A typical 3-ounce serving of steak contains between 2.4 and 4 grams of saturated fat, depending on the cut and how much visible fat you trim. That range matters because the American Heart Association recommends keeping saturated fat below 13 grams per day on a 2,000-calorie diet. A lean sirloin uses up roughly 18% of that daily budget, while a fattier ribeye can take closer to a third.
Saturated Fat by Cut
Not all steaks are created equal. The leanest cuts come from the round and loin sections of the animal, while rib cuts carry significantly more fat. Here’s what a 3-ounce cooked serving looks like for popular cuts, based on USDA data:
- Top sirloin, trimmed: 2.4 g saturated fat
- Eye of round, trimmed: 2.4 g saturated fat
- Bottom round, trimmed: 2.5 g saturated fat
- Eye of round, untrimmed: 4.0 g saturated fat
- Beef ribs, trimmed: 4.0 g saturated fat
The difference between trimmed and untrimmed is striking. An eye of round steak nearly doubles its saturated fat content, jumping from 2.4 to 4.0 grams, when you leave the visible fat on. If you’re watching your intake, trimming the white fat along the edges before or after cooking is one of the simplest things you can do.
The USDA classifies a cut as “lean” if a 3.5-ounce serving has less than 4.5 grams of saturated fat and less than 10 grams of total fat. Cuts labeled “extra lean” come in under 2 grams of saturated fat. Top sirloin and eye of round hover right around that lean threshold when trimmed, making them solid choices for people managing cholesterol or heart disease risk.
How Steak Compares to Other Proteins
Steak sits in the middle of the protein spectrum for saturated fat. It carries more than poultry and fish but less than many processed meats and full-fat dairy products. For a 3-ounce serving:
- Skinless chicken breast: 0.8 g
- Roasted turkey (light meat): 0.8 g
- Baked salmon: 2.0 g
- Trimmed top sirloin: 2.4 g
- Pork chops, lean only: 3.0 g
- Untrimmed pork chops: 4.0 g
Chicken breast has roughly a third the saturated fat of a trimmed sirloin. Salmon lands close to steak in saturated fat but brings omega-3 fatty acids that steak largely lacks. If you eat steak a few times a week and want to offset the saturated fat, alternating with fish or skinless poultry on other nights makes a meaningful difference over time.
Grass-Fed vs. Grain-Fed
Many people assume grass-fed beef is lower in saturated fat, but the data tells a more nuanced story. Research from Texas A&M compared 4-ounce ground beef patties (85% lean) from grass-fed and grain-fed cattle. The grass-fed patties actually contained 9.8 grams of combined saturated and trans fat, compared to 8.2 grams in the grain-fed version.
Where grass-fed beef does pull ahead is in omega-3 fatty acids: 0.055 grams per patty versus 0.020 grams for grain-fed. That’s nearly three times more, though both amounts are still small compared to what you’d get from a serving of salmon. Choosing grass-fed steak for its fat profile alone won’t dramatically change your saturated fat intake. The cut you pick and whether you trim the fat matters far more.

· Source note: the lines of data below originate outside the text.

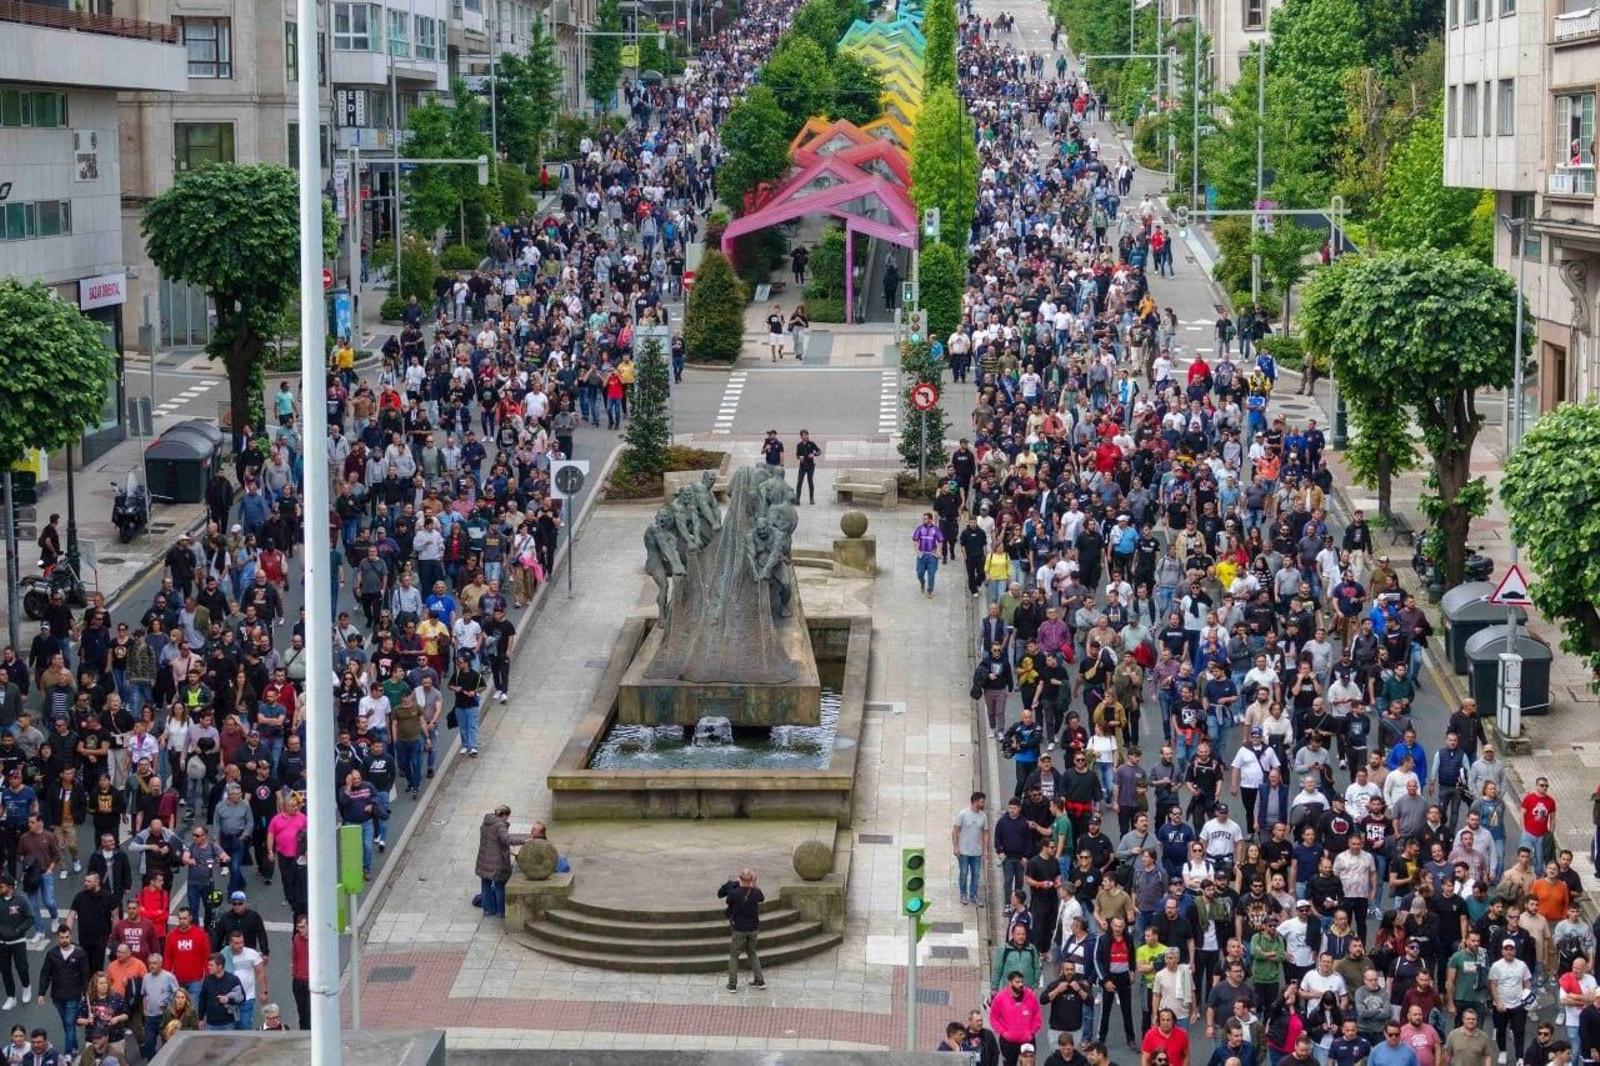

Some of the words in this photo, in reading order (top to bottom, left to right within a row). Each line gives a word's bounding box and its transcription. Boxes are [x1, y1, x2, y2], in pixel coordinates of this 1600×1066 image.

[89, 285, 102, 300] BAZAR
[102, 283, 120, 297] ORIENTAL
[124, 928, 143, 937] NEVER
[177, 939, 193, 950] HH
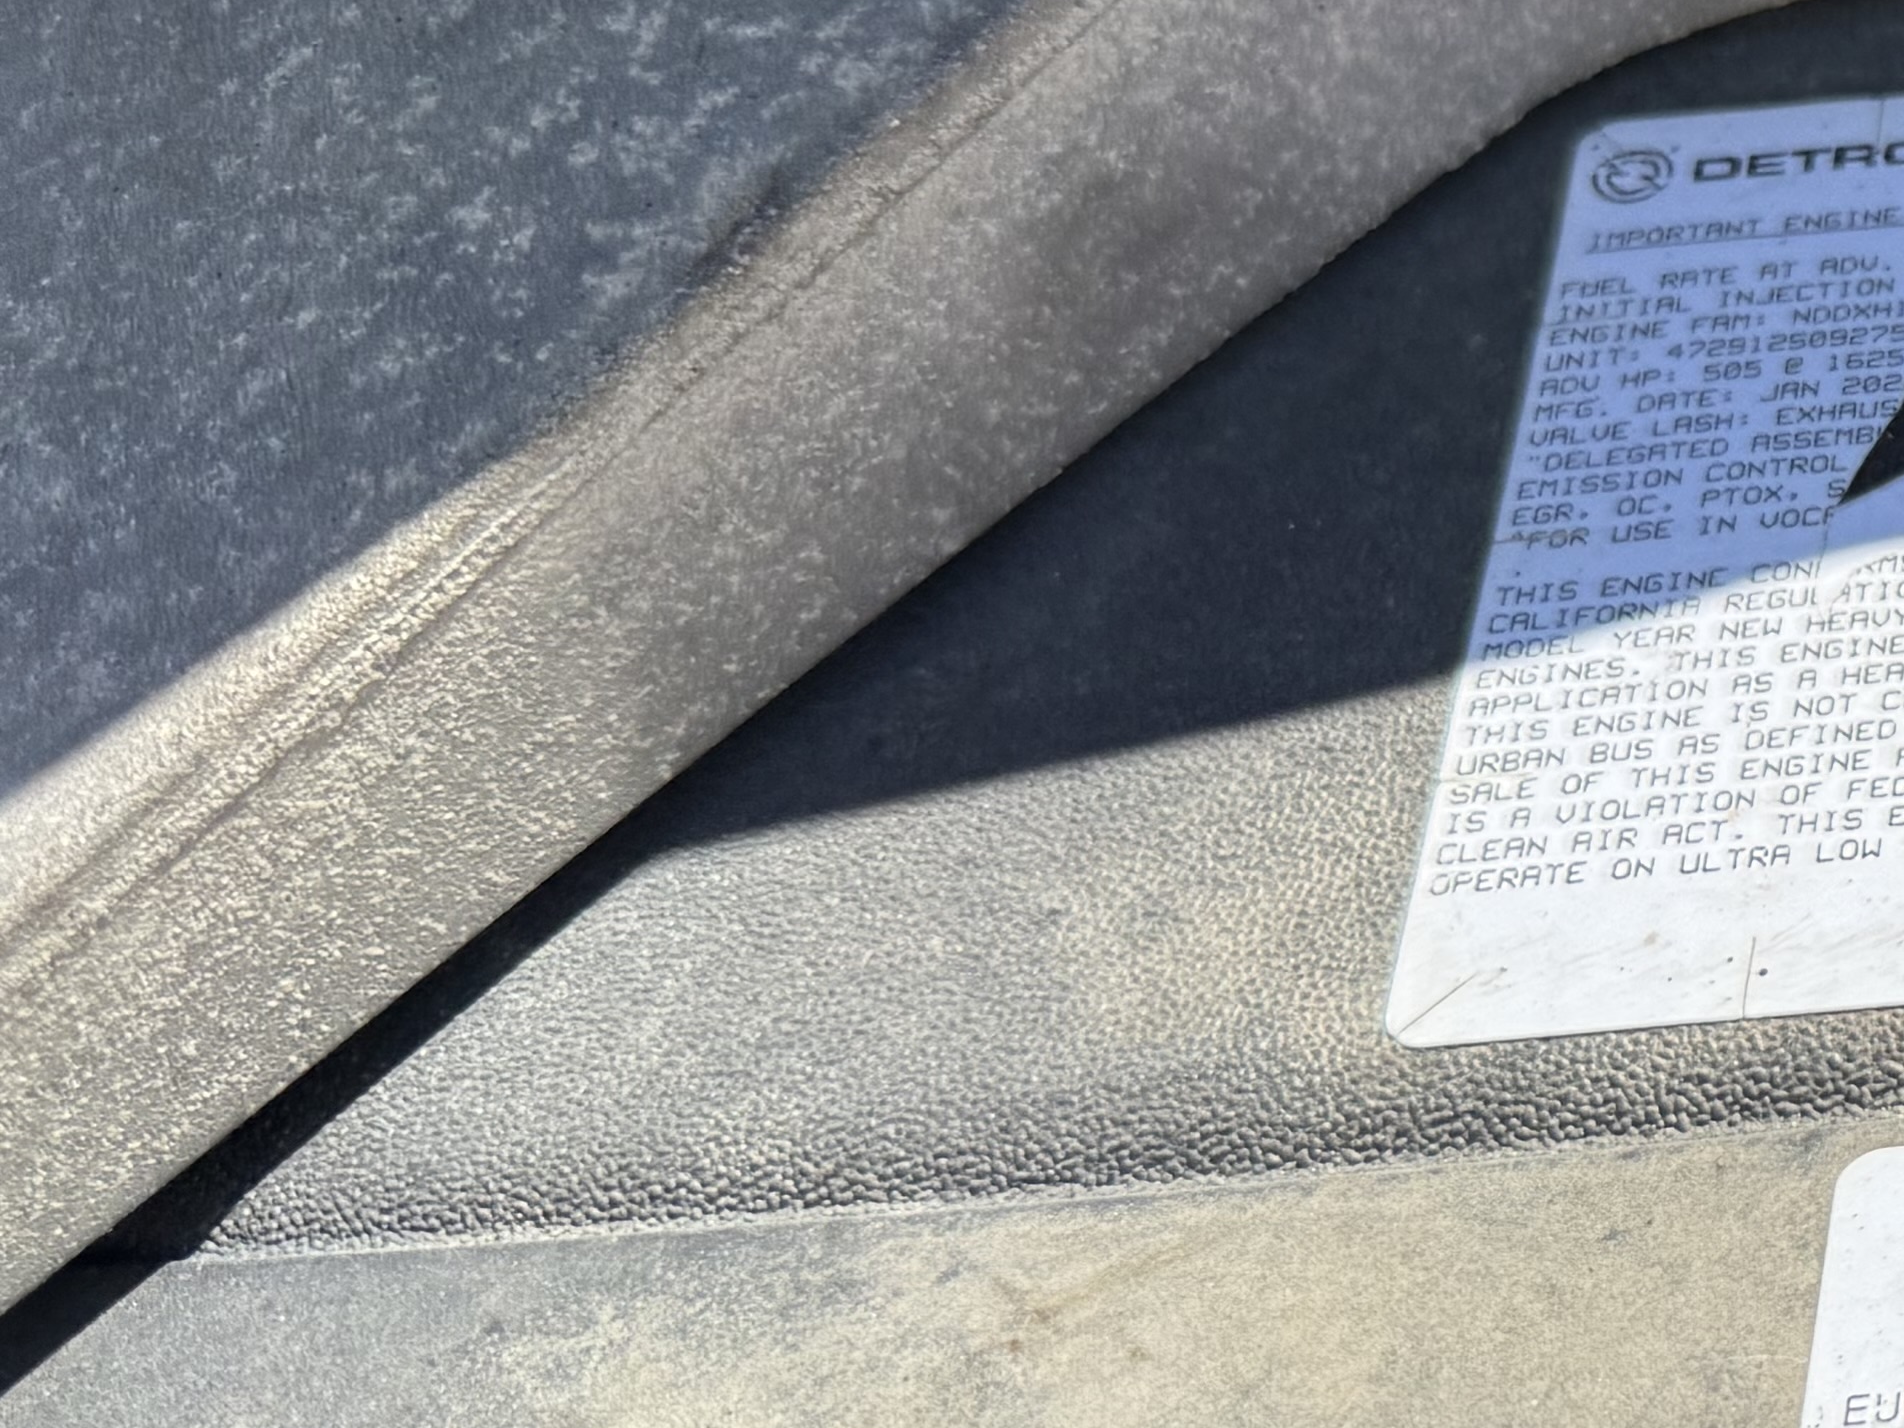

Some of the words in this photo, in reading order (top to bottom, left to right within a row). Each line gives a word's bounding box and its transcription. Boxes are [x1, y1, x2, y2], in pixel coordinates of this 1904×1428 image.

Keeping Steak in a Heart-Healthy Diet
The American Heart Association recommends that no more than 6% of your daily calories come from saturated fat. On a standard 2,000-calorie diet, that works out to about 13 grams. A trimmed sirloin at 2.4 grams leaves plenty of room for other foods throughout the day, but a larger, fattier cut paired with butter, cheese, or a creamy side dish can push you past the limit in a single meal.
Portion size plays a bigger role than most people realize. Restaurant steaks often weigh 8 to 16 ounces, which is three to five times the 3-ounce reference serving used in nutrition data. A 12-ounce ribeye could deliver 12 grams or more of saturated fat on its own, nearly an entire day’s worth. Sticking closer to a deck-of-cards-sized portion (about 3 ounces cooked) keeps the numbers manageable.
Cooking method matters too. Grilling, broiling, or roasting on a rack lets fat drip away from the meat, while pan-frying in butter or oil adds fat back. Pairing your steak with vegetables, whole grains, or a salad dressed with olive oil rather than cream-based sides helps keep the overall meal balanced without giving up the steak itself.